Reorganization of the suprachiasmatic nucleus by photic and non-photic environments

To better understand alterations in suprachiasmatic nucleus (SCN) physiology by photic and non-photic environments, we analyzed clock gene expression in the mouse SCN by in situ hybridization and real-time monitoring of mPer1::luc bioluminescence. An artificial light: dark: light: dark 7:5:7:5 condition induced antiphase oscillation of the clock gene in the dorsomedial-like (DM-like) and the ventrolateral-like (VL-like) subdivisions of the SCN, in parallel with maintaining synchronization between the two sides of the SCN. This antiphase oscillation seems to be responsible for the bimodal rhythms of mPer1 bioluminescence observed in the entire SCN and the components of splitting locomotor activity.

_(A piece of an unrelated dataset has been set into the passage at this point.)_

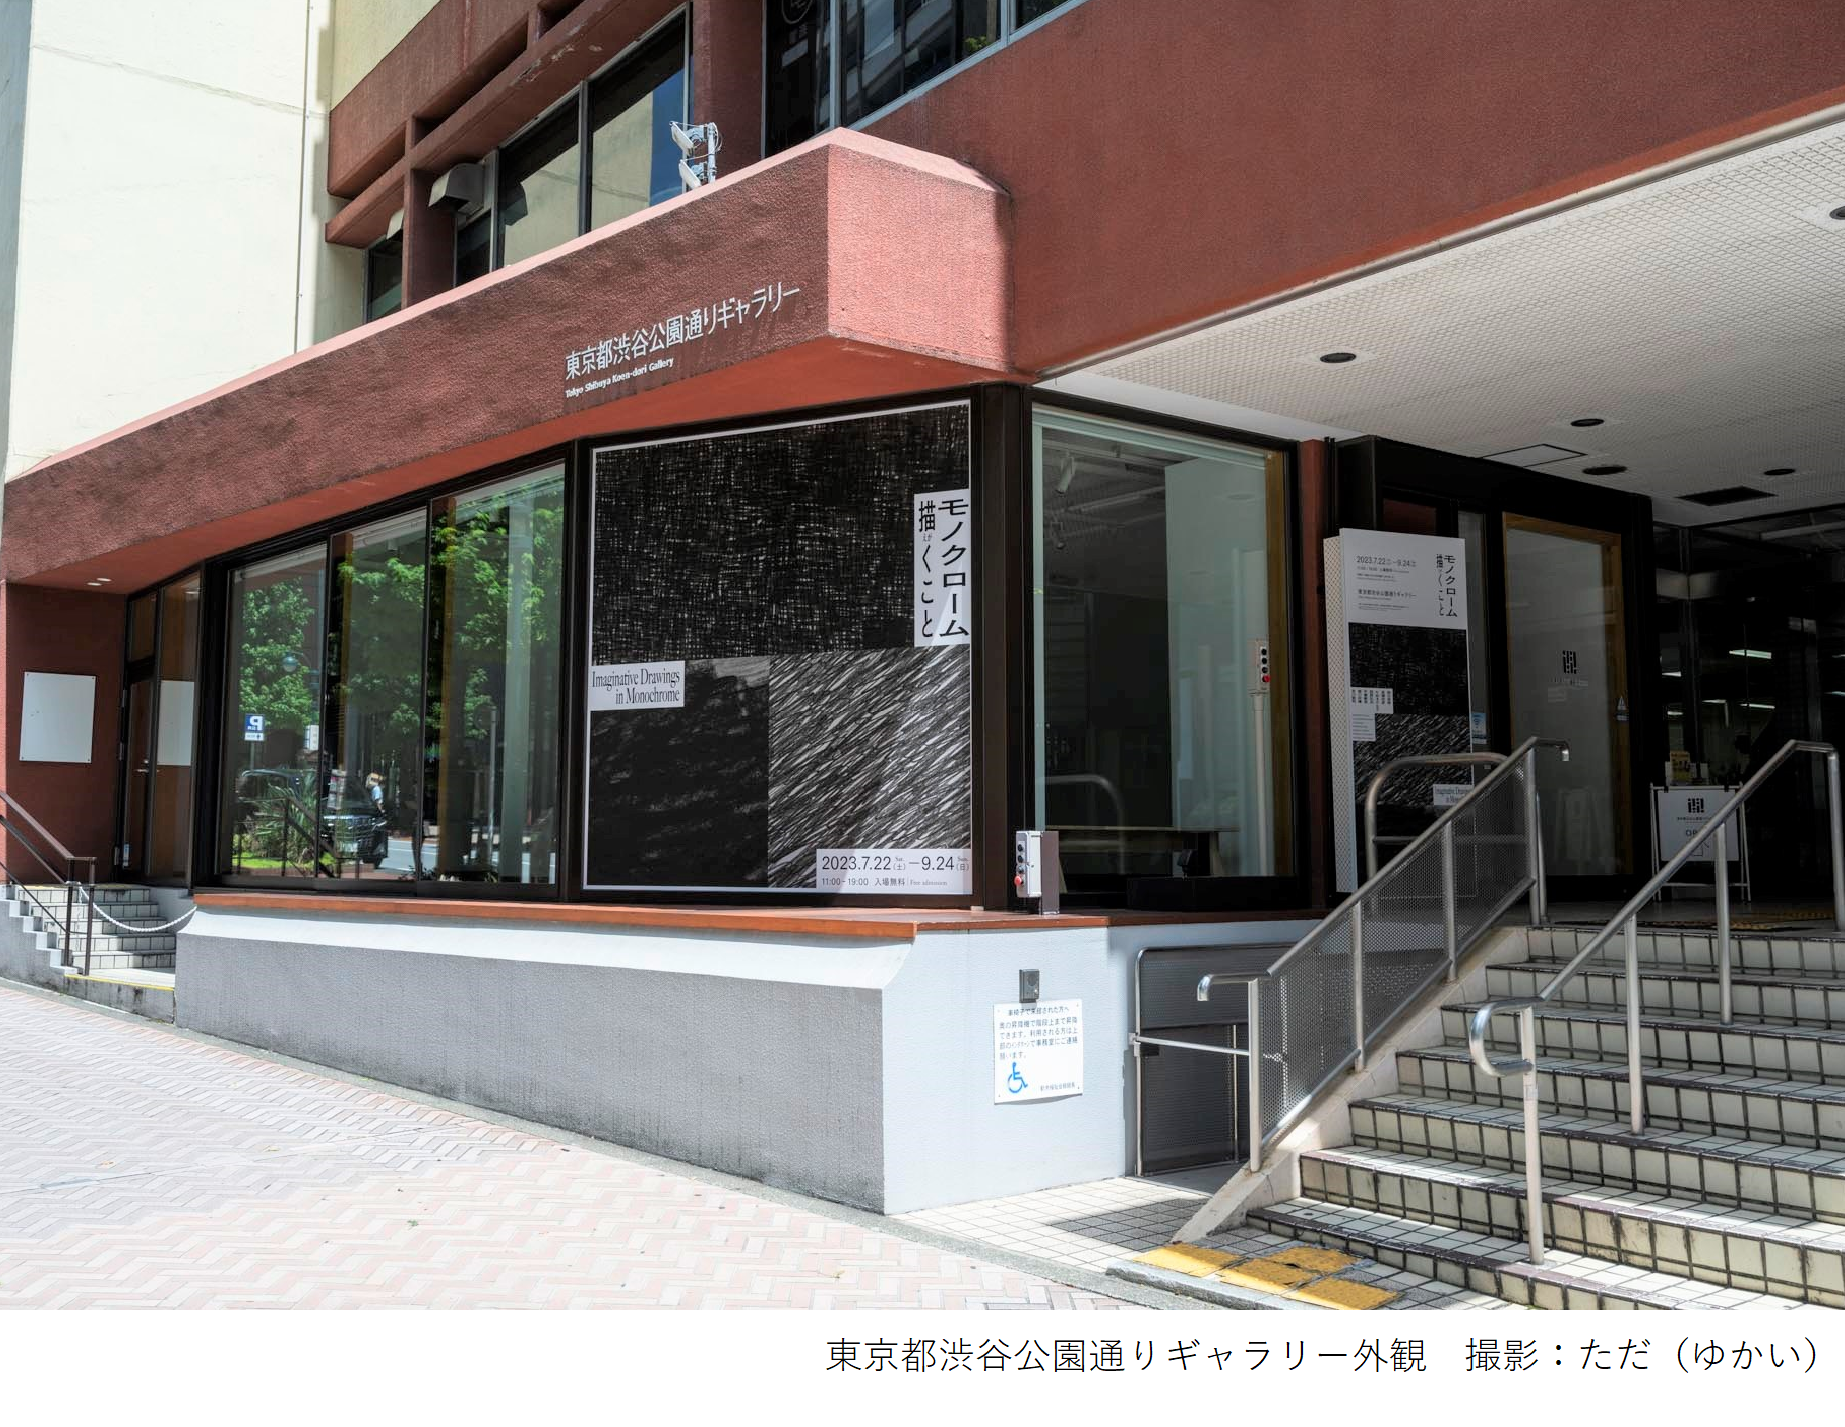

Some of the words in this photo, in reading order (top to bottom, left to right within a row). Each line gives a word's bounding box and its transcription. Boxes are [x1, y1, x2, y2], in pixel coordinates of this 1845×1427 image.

A long photoperiod (LP) induced the phase advance of the rhythms of clock gene expression in the caudal SCN relative to those in the rostral SCN. In addition, in the middle SCN, the rhythms of the VL-like subdivision phase-led those in the DM-like subdivision. The mPer1::luc rhythms in the entire coronal slice obtained from the middle SCN exhibited two peaks with a wide peak width under LP conditions. Imaging analysis of the mPer1::luc rhythms revealed wide regional variations in the peak time in the rostral half of the SCN. These variations were not due to alterations in the waveform of a single SCN neuronal rhythm. In CS mice which easily entrain to daily restricted feeding (RF) cycles, the peak width for mPer1::luc bioluminescence rhythms in the SCN markedly increased during the RF schedule under LD conditions. These data in CS mice suggest non-photic cues alter SCN organization and provided a new method to reveal subdivisional changes of the SCN by feeding cues.